GOAL OF THE EXERCISE: Every line of the listing should be retyped exactly, but none of the pictures should be.

RECORD EXTRACTS:
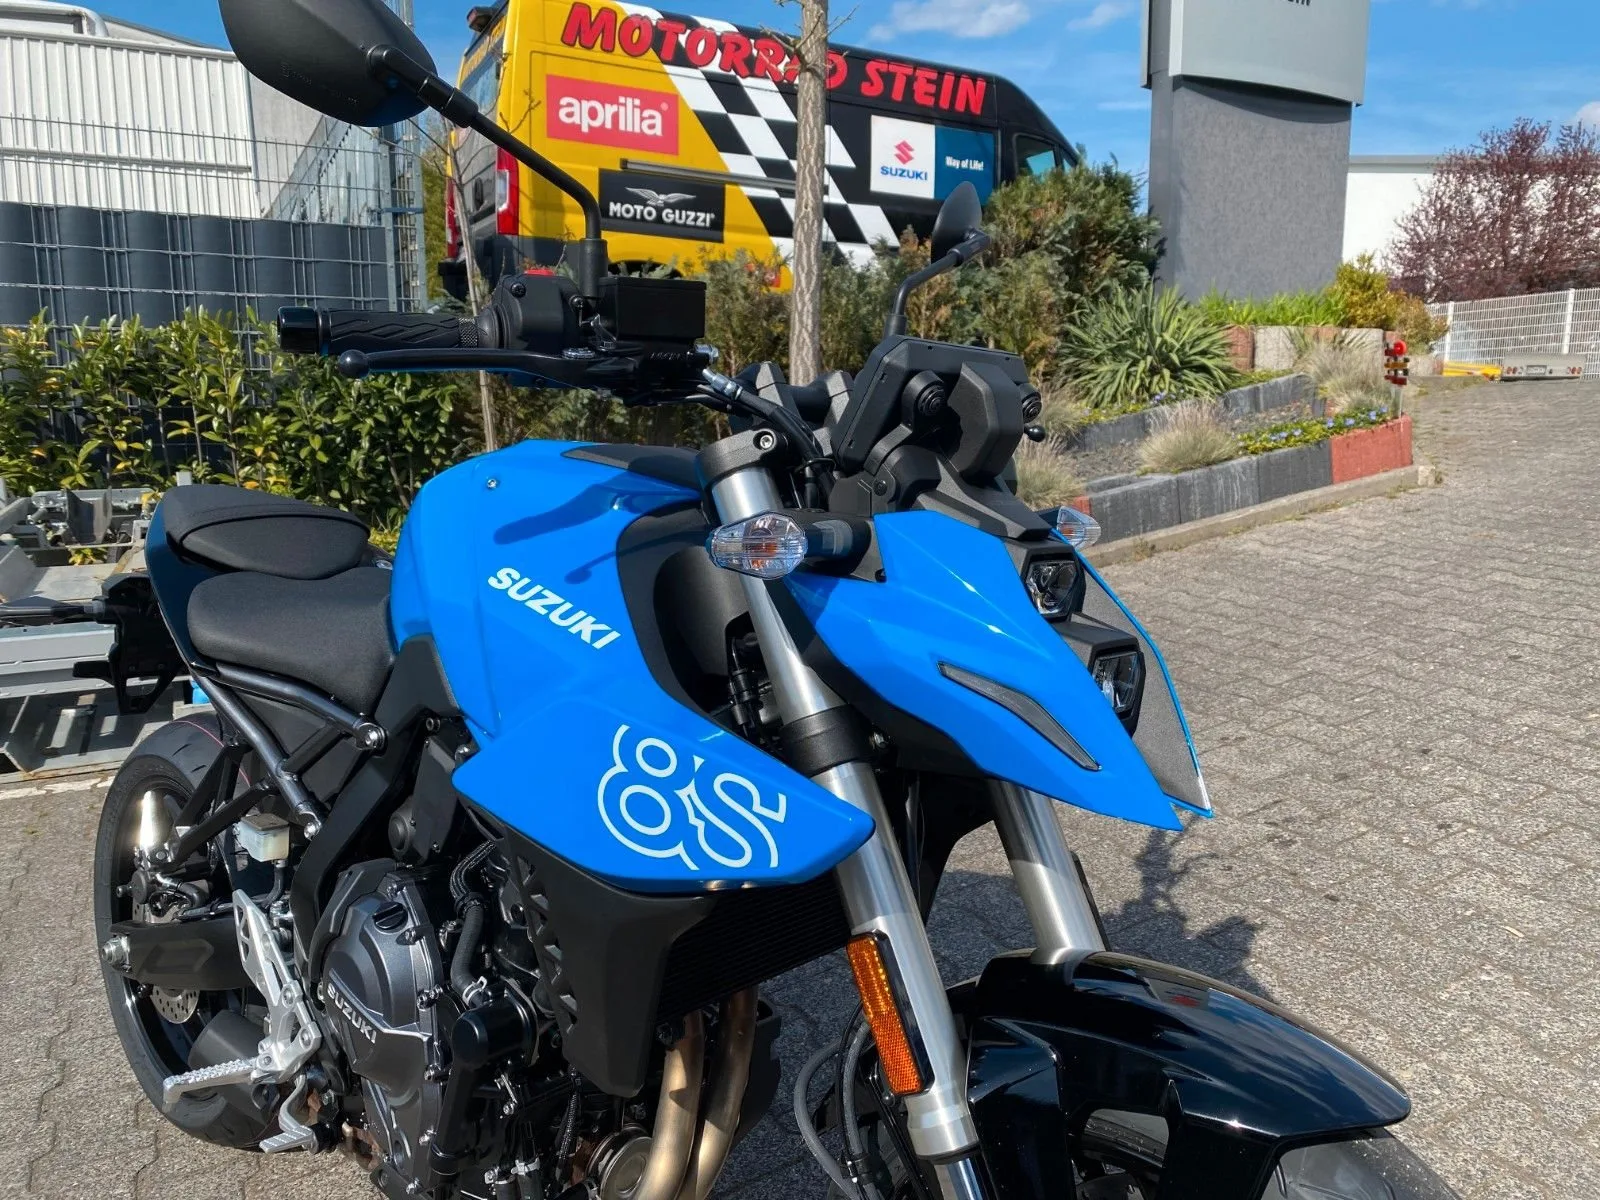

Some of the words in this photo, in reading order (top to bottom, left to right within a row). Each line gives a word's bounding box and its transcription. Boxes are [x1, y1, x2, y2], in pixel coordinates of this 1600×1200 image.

[860, 59, 987, 116] STEIN
[558, 95, 663, 137] aprilia
[880, 165, 928, 181] SUZUKI
[945, 155, 960, 169] Way
[961, 158, 969, 169] of
[608, 201, 657, 221] MOTO
[662, 208, 711, 227] GUZZI
[487, 566, 622, 650] SUZUKI
[327, 982, 377, 1044] SUZUKI

ANSWER SPACE:
Some of the words in this photo, in reading order (top to bottom, left to right within a row). Each line gives a word's bounding box and its transcription. Boxes are [x1, y1, x2, y2], in pixel coordinates of this 1600×1200 image.

[860, 59, 987, 116] STEIN
[558, 95, 663, 137] aprilia
[880, 165, 928, 181] SUZUKI
[945, 155, 960, 169] Way
[961, 158, 969, 169] of
[608, 201, 657, 221] MOTO
[662, 208, 711, 227] GUZZI
[487, 566, 622, 650] SUZUKI
[327, 982, 377, 1044] SUZUKI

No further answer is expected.